Introduction of Ertapenem into a Hospital Formulary: Effect on Antimicrobial Usage and Improved In Vitro Susceptibility of Pseudomonas aeruginosa

2009 
After ertapenem was added to the formulary of a 344-bed community teaching hospital, we retrospectively studied its effect on antimicrobial utilization and on the in vitro susceptibility of various antimicrobial agents against Pseudomonas aeruginosa. Three study periods were defined as preintroduction (months 1 to 9), postintroduction but before the autosubstitution of ertapenem for ampicillin-sulbactam (months 10 to 18), and after the policy of autosubstitution (months 19 to 48) was initiated. Ertapenem usage rose slowly from introduction to a range of 36 to 48 defined daily doses/1,000 patient days (DDD) with a resultant decrease in ampicillin-sulbactam usage due to autosubstitution.
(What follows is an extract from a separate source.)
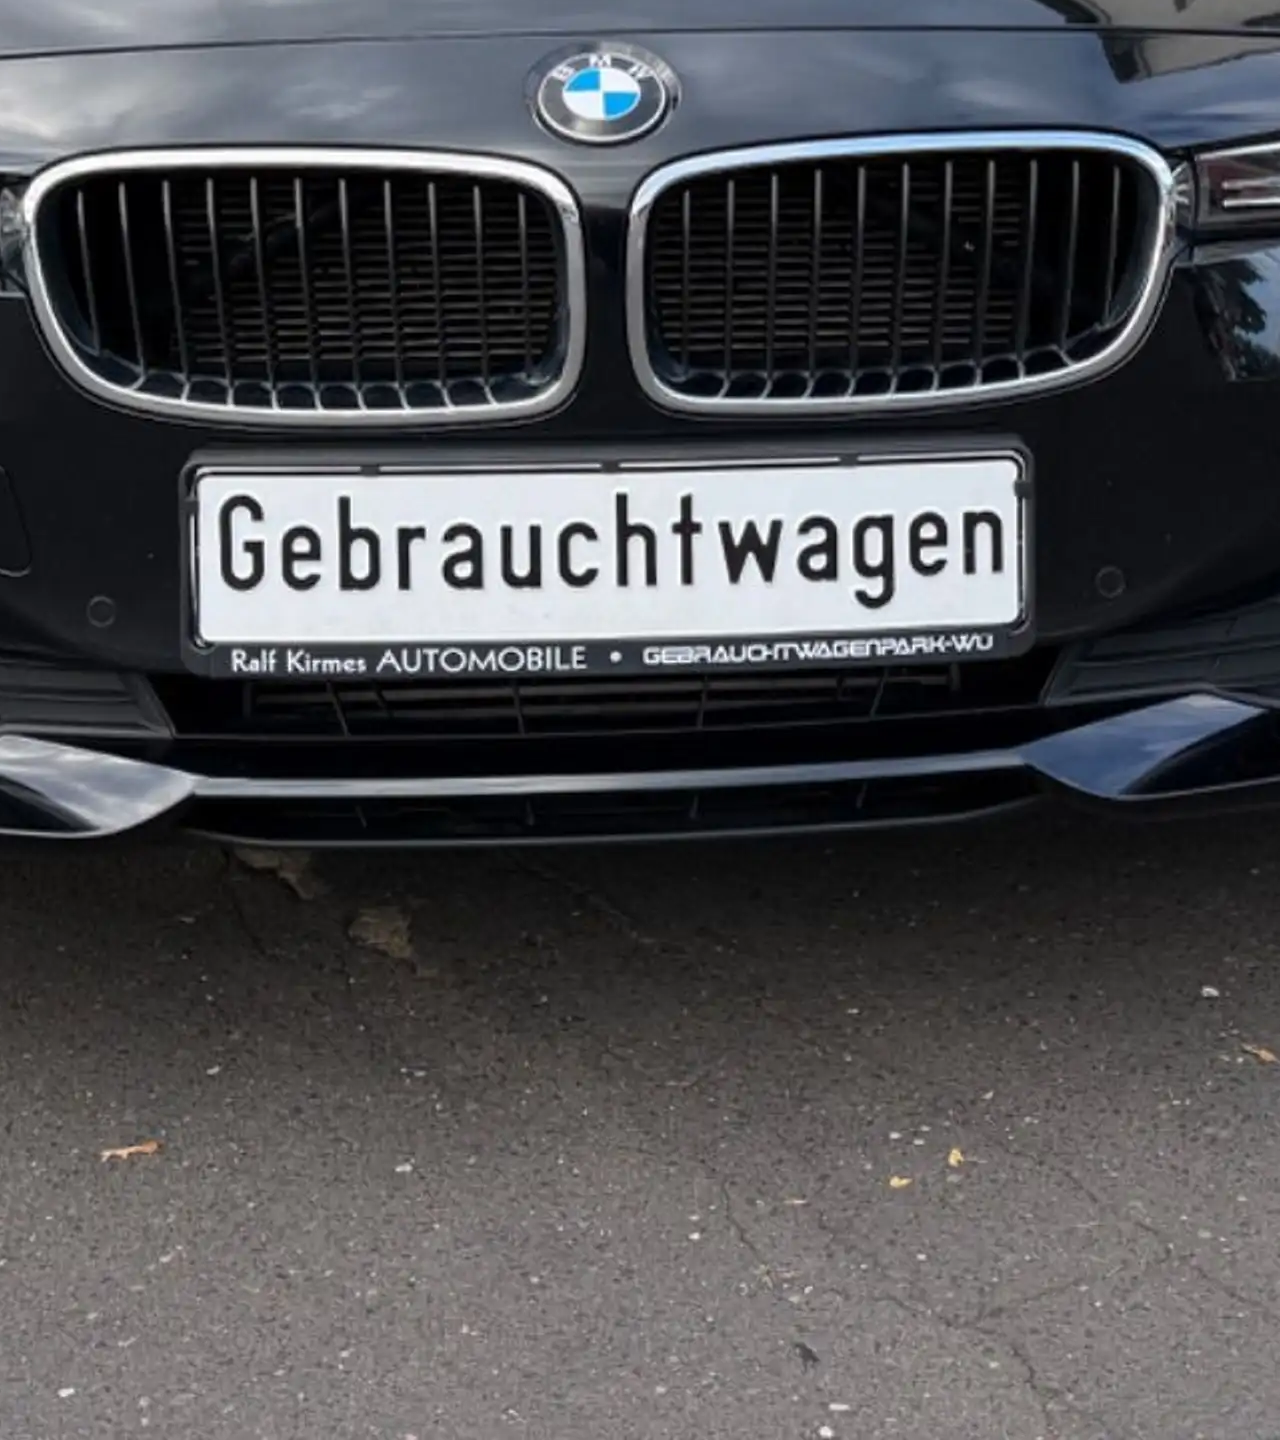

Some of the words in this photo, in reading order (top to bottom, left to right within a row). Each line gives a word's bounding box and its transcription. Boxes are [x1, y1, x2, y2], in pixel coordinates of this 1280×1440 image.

Imipenem usage peaked 6 months after the introduction of ertapenem and started to decline coincidently with the increased use of ertapenem. During the second period, imipenem usage decreased (slope = −1.28; P = 0.002). Prior to the introduction of ertapenem, the susceptibility of P. aeruginosa to imipenem increased from 61 to 81% at month 7 but then decreased slightly to 67% at month 9. After the introduction of ertapenem, susceptibility continued to increase; the increasing trend was significant (slope = 1.74; P < 0.001). In the third period, the median susceptibility (interquartile range) was 88% (82 to 95%). This change appeared related to decreased imipenem usage. For every unit decrease in the monthly DDD of imipenem, there was an increase of 0.38% (P = 0.008) in the susceptibility of P. aeruginosa to imipenem in the same month. Ertapenem was effective in our antimicrobial stewardship program and may have helped improve the P. aeruginosa antimicrobial susceptibility to imipenem by decreasing the unnecessary usage and selective pressure of antipseudomonal agents.